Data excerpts
+-------+

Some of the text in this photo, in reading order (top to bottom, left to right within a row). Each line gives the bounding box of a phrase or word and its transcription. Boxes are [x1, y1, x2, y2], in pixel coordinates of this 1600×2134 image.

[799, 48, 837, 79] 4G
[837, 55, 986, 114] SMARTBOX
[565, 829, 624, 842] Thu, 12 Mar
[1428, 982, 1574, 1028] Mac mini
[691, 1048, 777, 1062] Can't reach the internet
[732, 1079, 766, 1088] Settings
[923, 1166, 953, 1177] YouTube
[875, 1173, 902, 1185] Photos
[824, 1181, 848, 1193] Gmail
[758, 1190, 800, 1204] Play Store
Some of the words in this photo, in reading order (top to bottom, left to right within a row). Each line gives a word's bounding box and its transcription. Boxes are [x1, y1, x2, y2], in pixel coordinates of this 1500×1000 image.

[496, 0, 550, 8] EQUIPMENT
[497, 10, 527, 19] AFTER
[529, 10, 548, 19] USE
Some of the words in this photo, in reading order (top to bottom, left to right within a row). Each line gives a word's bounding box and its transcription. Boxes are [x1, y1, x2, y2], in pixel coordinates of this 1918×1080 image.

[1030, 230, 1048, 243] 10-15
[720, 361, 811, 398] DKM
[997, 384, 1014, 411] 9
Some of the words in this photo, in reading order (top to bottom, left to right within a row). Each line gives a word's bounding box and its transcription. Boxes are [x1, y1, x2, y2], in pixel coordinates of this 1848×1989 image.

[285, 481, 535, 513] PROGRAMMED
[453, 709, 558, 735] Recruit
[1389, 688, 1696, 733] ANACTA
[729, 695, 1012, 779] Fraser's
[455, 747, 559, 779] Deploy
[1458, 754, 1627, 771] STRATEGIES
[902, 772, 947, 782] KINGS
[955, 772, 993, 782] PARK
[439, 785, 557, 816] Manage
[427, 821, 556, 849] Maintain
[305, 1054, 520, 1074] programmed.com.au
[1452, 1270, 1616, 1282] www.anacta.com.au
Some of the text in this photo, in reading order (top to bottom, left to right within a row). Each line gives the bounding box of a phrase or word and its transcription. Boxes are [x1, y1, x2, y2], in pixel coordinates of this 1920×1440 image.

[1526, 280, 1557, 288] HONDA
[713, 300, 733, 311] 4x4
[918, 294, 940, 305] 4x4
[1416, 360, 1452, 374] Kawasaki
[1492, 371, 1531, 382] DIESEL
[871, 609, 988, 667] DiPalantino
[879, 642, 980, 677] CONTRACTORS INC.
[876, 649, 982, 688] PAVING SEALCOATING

+-------+

• [EXERCISE DESCRIPTION] Line by line, restate the data exactly.

• [RESULT OF THE TASK]
Some of the text in this photo, in reading order (top to bottom, left to right within a row). Each line gives the bounding box of a phrase or word and its transcription. Boxes are [x1, y1, x2, y2], in pixel coordinates of this 1600×2134 image.

[799, 48, 837, 79] 4G
[837, 55, 986, 114] SMARTBOX
[565, 829, 624, 842] Thu, 12 Mar
[1428, 982, 1574, 1028] Mac mini
[691, 1048, 777, 1062] Can't reach the internet
[732, 1079, 766, 1088] Settings
[923, 1166, 953, 1177] YouTube
[875, 1173, 902, 1185] Photos
[824, 1181, 848, 1193] Gmail
[758, 1190, 800, 1204] Play Store
Some of the words in this photo, in reading order (top to bottom, left to right within a row). Each line gives a word's bounding box and its transcription. Boxes are [x1, y1, x2, y2], in pixel coordinates of this 1500×1000 image.

[496, 0, 550, 8] EQUIPMENT
[497, 10, 527, 19] AFTER
[529, 10, 548, 19] USE
Some of the words in this photo, in reading order (top to bottom, left to right within a row). Each line gives a word's bounding box and its transcription. Boxes are [x1, y1, x2, y2], in pixel coordinates of this 1918×1080 image.

[1030, 230, 1048, 243] 10-15
[720, 361, 811, 398] DKM
[997, 384, 1014, 411] 9
Some of the words in this photo, in reading order (top to bottom, left to right within a row). Each line gives a word's bounding box and its transcription. Boxes are [x1, y1, x2, y2], in pixel coordinates of this 1848×1989 image.

[285, 481, 535, 513] PROGRAMMED
[453, 709, 558, 735] Recruit
[1389, 688, 1696, 733] ANACTA
[729, 695, 1012, 779] Fraser's
[455, 747, 559, 779] Deploy
[1458, 754, 1627, 771] STRATEGIES
[902, 772, 947, 782] KINGS
[955, 772, 993, 782] PARK
[439, 785, 557, 816] Manage
[427, 821, 556, 849] Maintain
[305, 1054, 520, 1074] programmed.com.au
[1452, 1270, 1616, 1282] www.anacta.com.au
Some of the text in this photo, in reading order (top to bottom, left to right within a row). Each line gives the bounding box of a phrase or word and its transcription. Boxes are [x1, y1, x2, y2], in pixel coordinates of this 1920×1440 image.

[1526, 280, 1557, 288] HONDA
[713, 300, 733, 311] 4x4
[918, 294, 940, 305] 4x4
[1416, 360, 1452, 374] Kawasaki
[1492, 371, 1531, 382] DIESEL
[871, 609, 988, 667] DiPalantino
[879, 642, 980, 677] CONTRACTORS INC.
[876, 649, 982, 688] PAVING SEALCOATING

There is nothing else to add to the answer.